───── RECORDS FOR THIS TASK

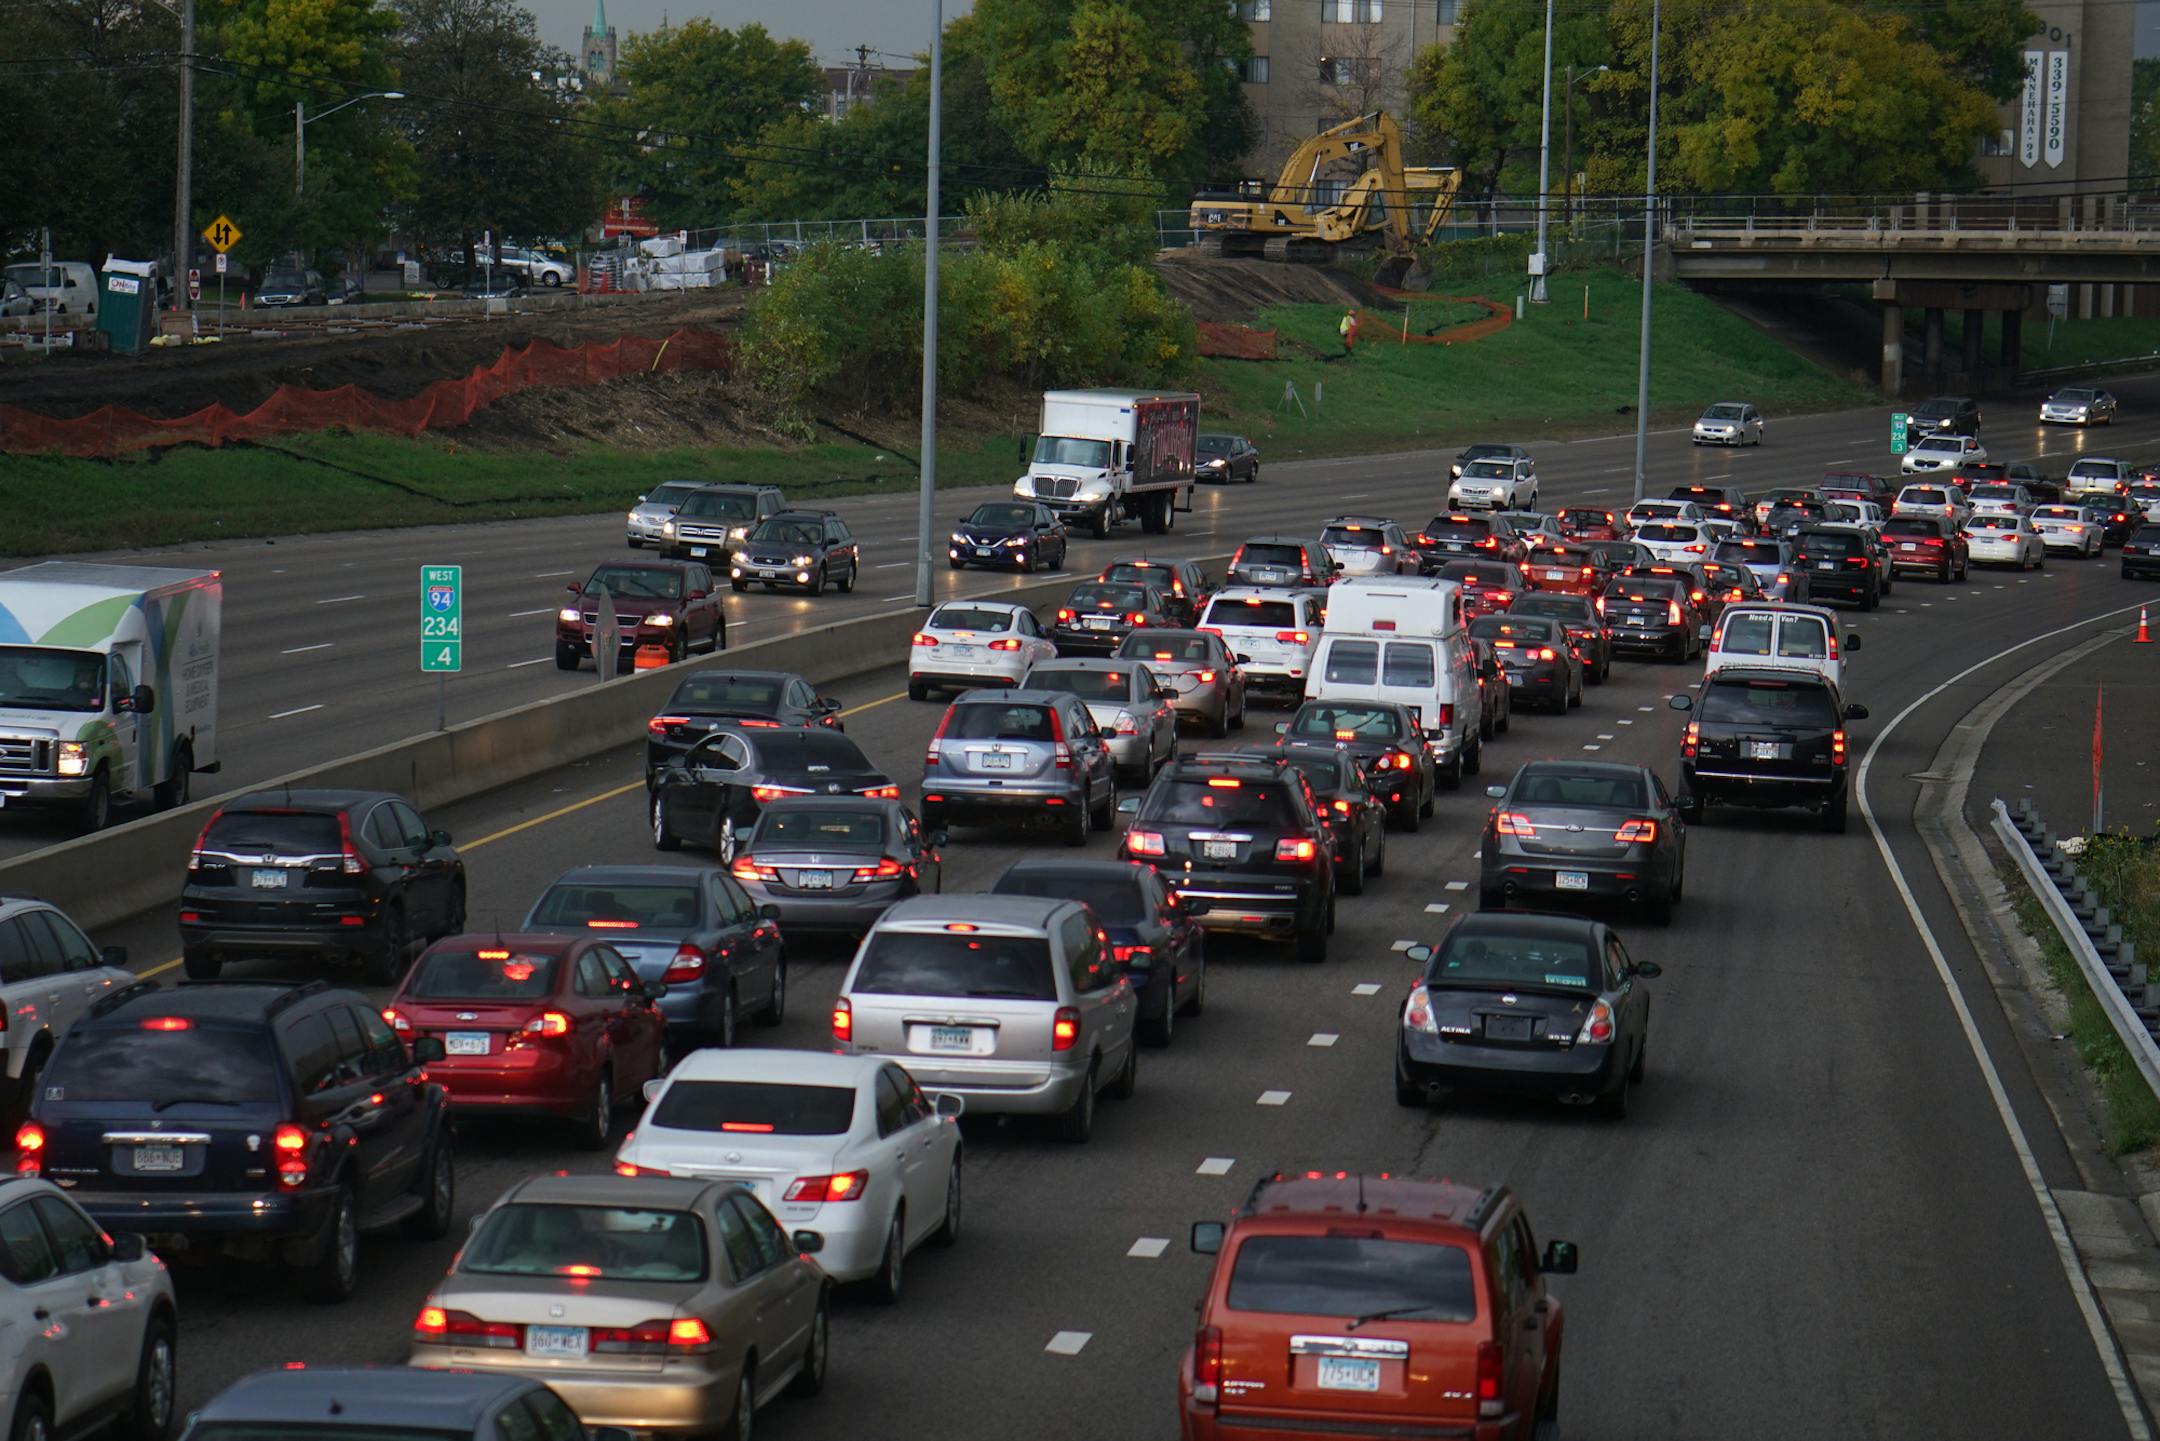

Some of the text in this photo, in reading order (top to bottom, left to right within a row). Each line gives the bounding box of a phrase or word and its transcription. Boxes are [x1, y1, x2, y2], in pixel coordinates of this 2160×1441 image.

[429, 571, 454, 581] WEST
[431, 591, 451, 607] 94
[1748, 614, 1767, 622] Need
[1781, 615, 1799, 623] Van?
[424, 616, 458, 636] 234
[430, 646, 452, 666] .4
[1440, 1026, 1472, 1034] ALTIMA
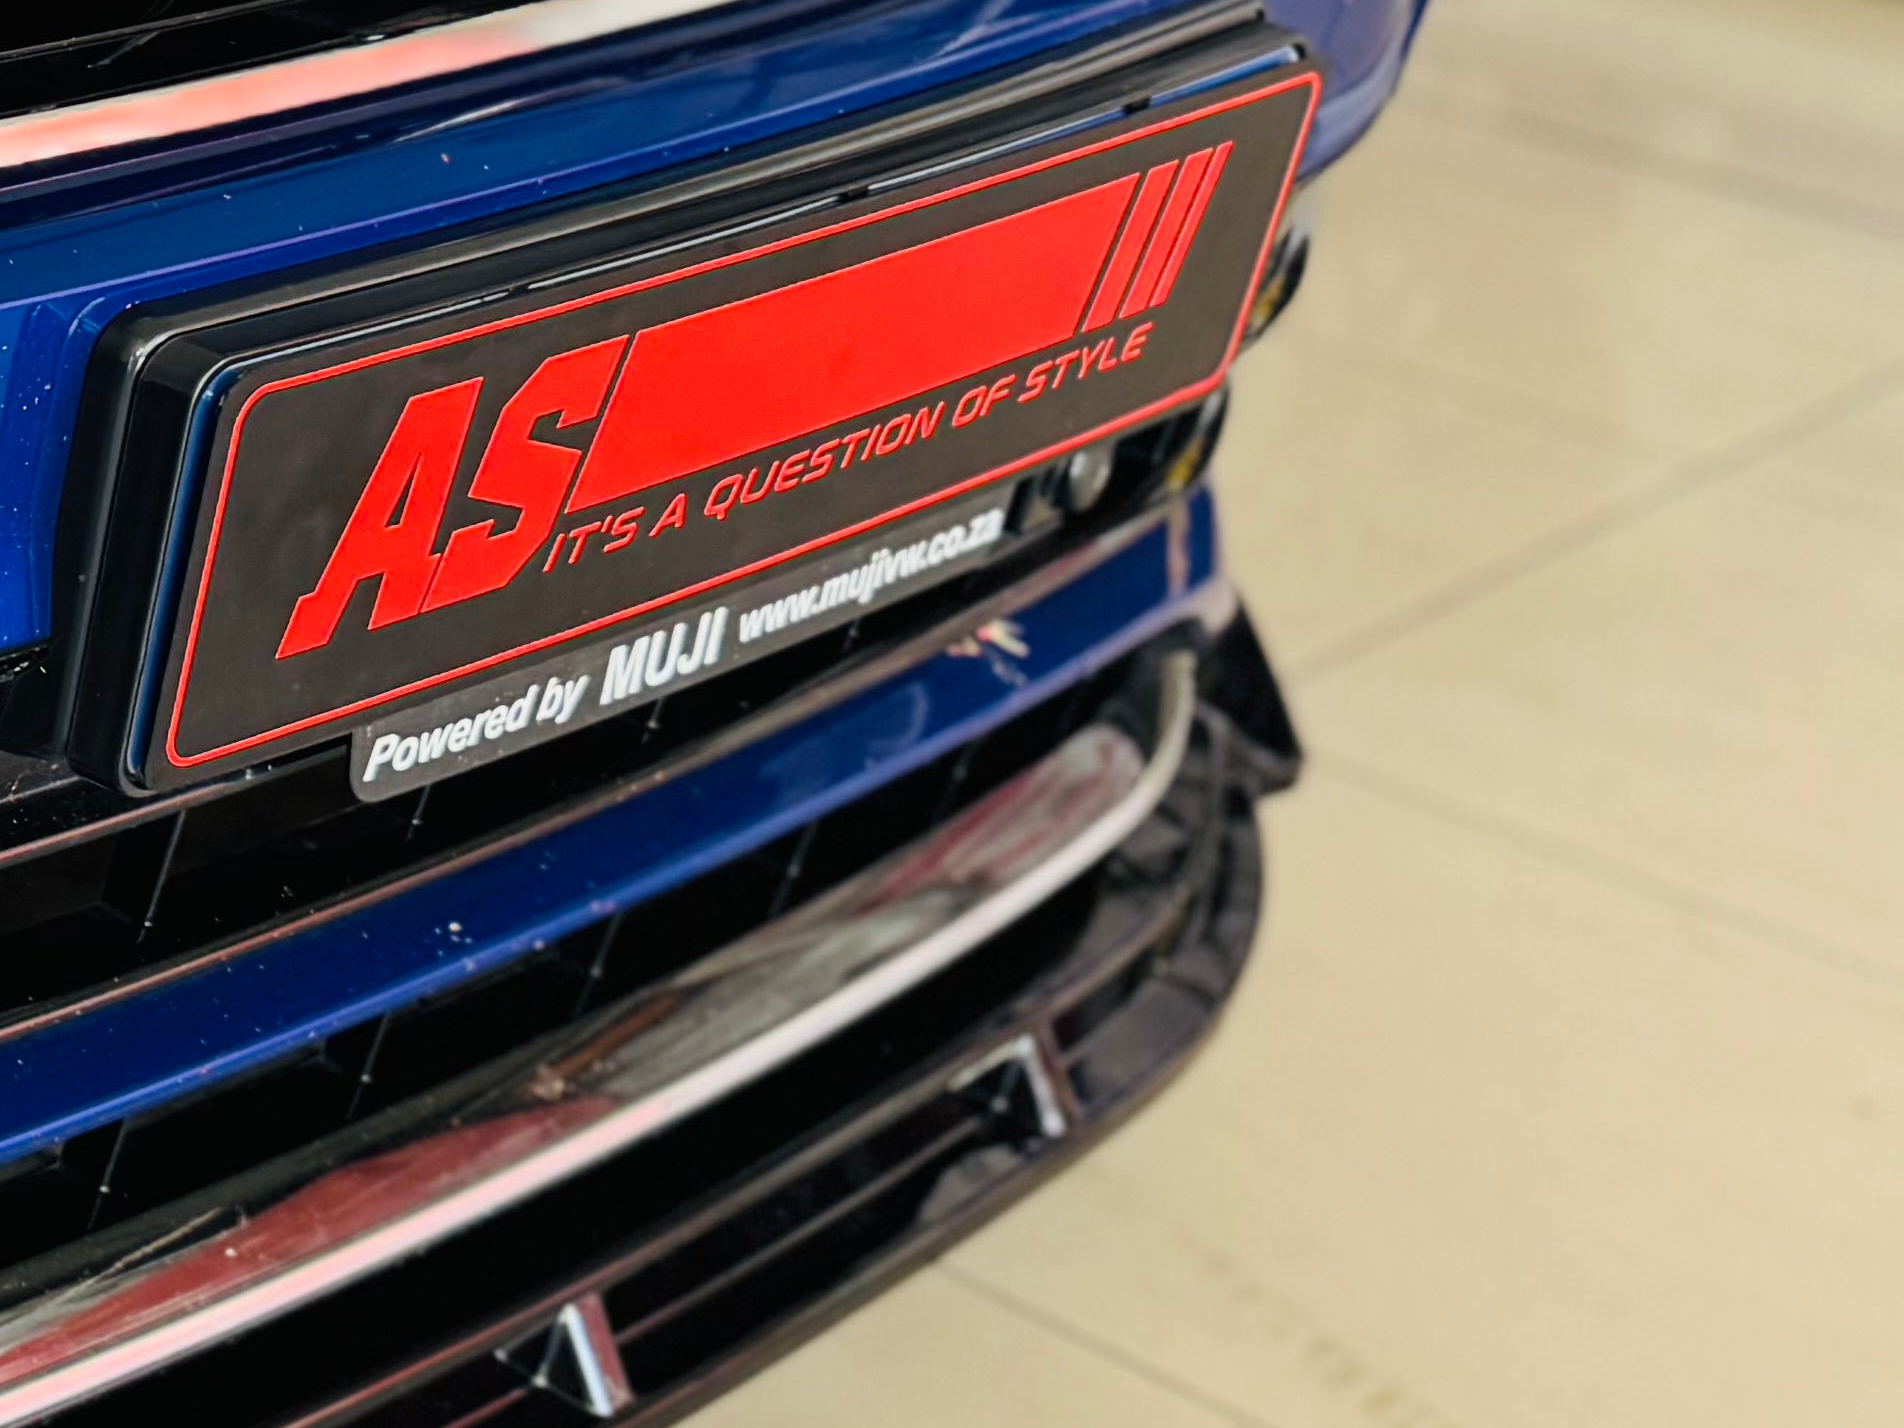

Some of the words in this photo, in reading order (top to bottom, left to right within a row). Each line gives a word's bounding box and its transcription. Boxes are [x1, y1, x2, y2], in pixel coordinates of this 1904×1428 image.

[275, 334, 630, 660] AS
[542, 506, 646, 573] IT'S
[648, 492, 688, 539] A
[702, 399, 945, 521] QUESTION
[951, 372, 1017, 430] OF
[1015, 321, 1154, 405] STYLE
[361, 682, 540, 783] Powered
[534, 671, 590, 725] by
[598, 605, 730, 707] MUJI
[738, 507, 1005, 644] www.mujivw.co.za

──────────

## TASK OBJECTIVE
Nothing but the lines from the one with "Some of the words" to the last line of the data should appear in the answer, each exactly as it stands.

## SOLUTION FOR THIS TASK
Some of the words in this photo, in reading order (top to bottom, left to right within a row). Each line gives a word's bounding box and its transcription. Boxes are [x1, y1, x2, y2], in pixel coordinates of this 1904×1428 image.

[275, 334, 630, 660] AS
[542, 506, 646, 573] IT'S
[648, 492, 688, 539] A
[702, 399, 945, 521] QUESTION
[951, 372, 1017, 430] OF
[1015, 321, 1154, 405] STYLE
[361, 682, 540, 783] Powered
[534, 671, 590, 725] by
[598, 605, 730, 707] MUJI
[738, 507, 1005, 644] www.mujivw.co.za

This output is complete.